MATERIAL TO PROCESS: Begin

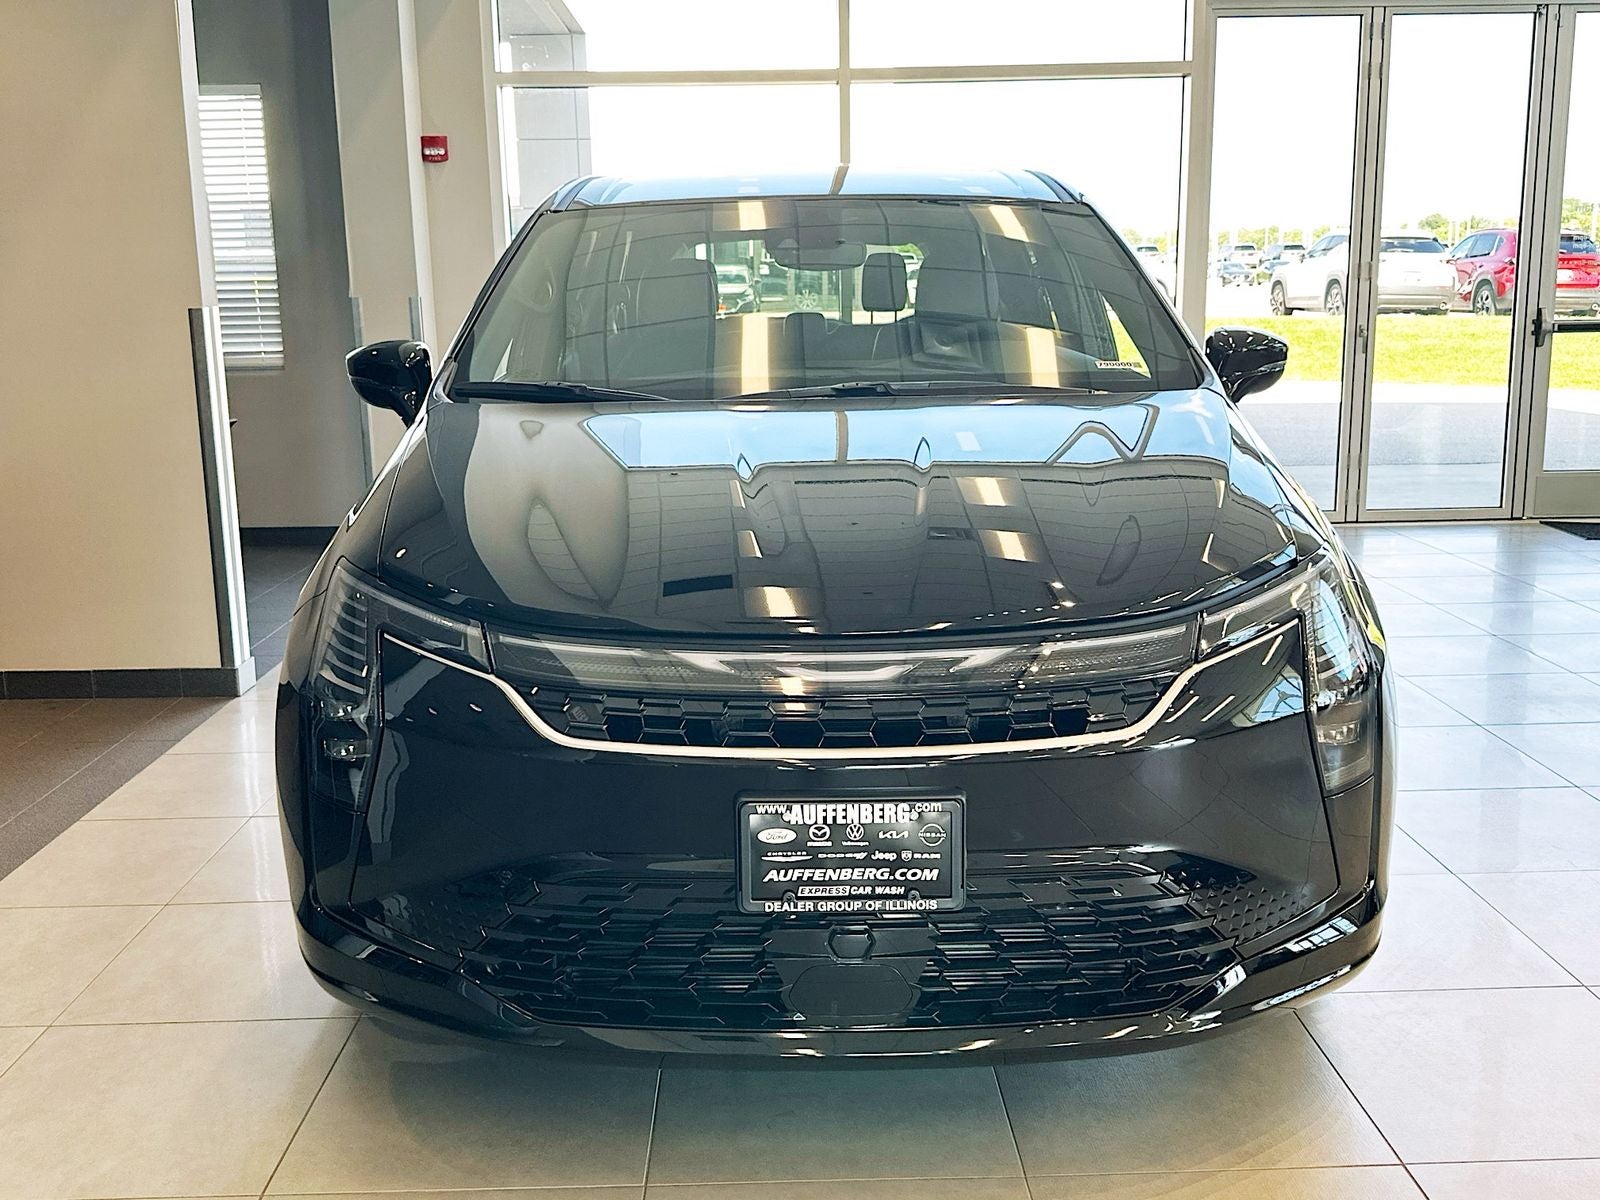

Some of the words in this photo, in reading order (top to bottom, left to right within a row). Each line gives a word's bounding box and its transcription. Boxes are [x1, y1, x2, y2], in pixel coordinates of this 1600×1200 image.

[871, 850, 897, 861] Jeep
[762, 867, 940, 882] AUFFENBERG.COM
[799, 886, 849, 896] EXPRESS
[850, 886, 873, 895] CAR
[875, 886, 905, 895] WASH
[764, 901, 815, 913] DEALER
[817, 900, 862, 912] GROUP
[865, 900, 882, 911] OF
[885, 899, 938, 911] ILLINOIS

MATERIAL TO PROCESS: End

# [AIM OF THE TASK]
Output every record verbatim, skipping images.

# [ANSWER TO THE PROBLEM]
Some of the words in this photo, in reading order (top to bottom, left to right within a row). Each line gives a word's bounding box and its transcription. Boxes are [x1, y1, x2, y2], in pixel coordinates of this 1600×1200 image.

[871, 850, 897, 861] Jeep
[762, 867, 940, 882] AUFFENBERG.COM
[799, 886, 849, 896] EXPRESS
[850, 886, 873, 895] CAR
[875, 886, 905, 895] WASH
[764, 901, 815, 913] DEALER
[817, 900, 862, 912] GROUP
[865, 900, 882, 911] OF
[885, 899, 938, 911] ILLINOIS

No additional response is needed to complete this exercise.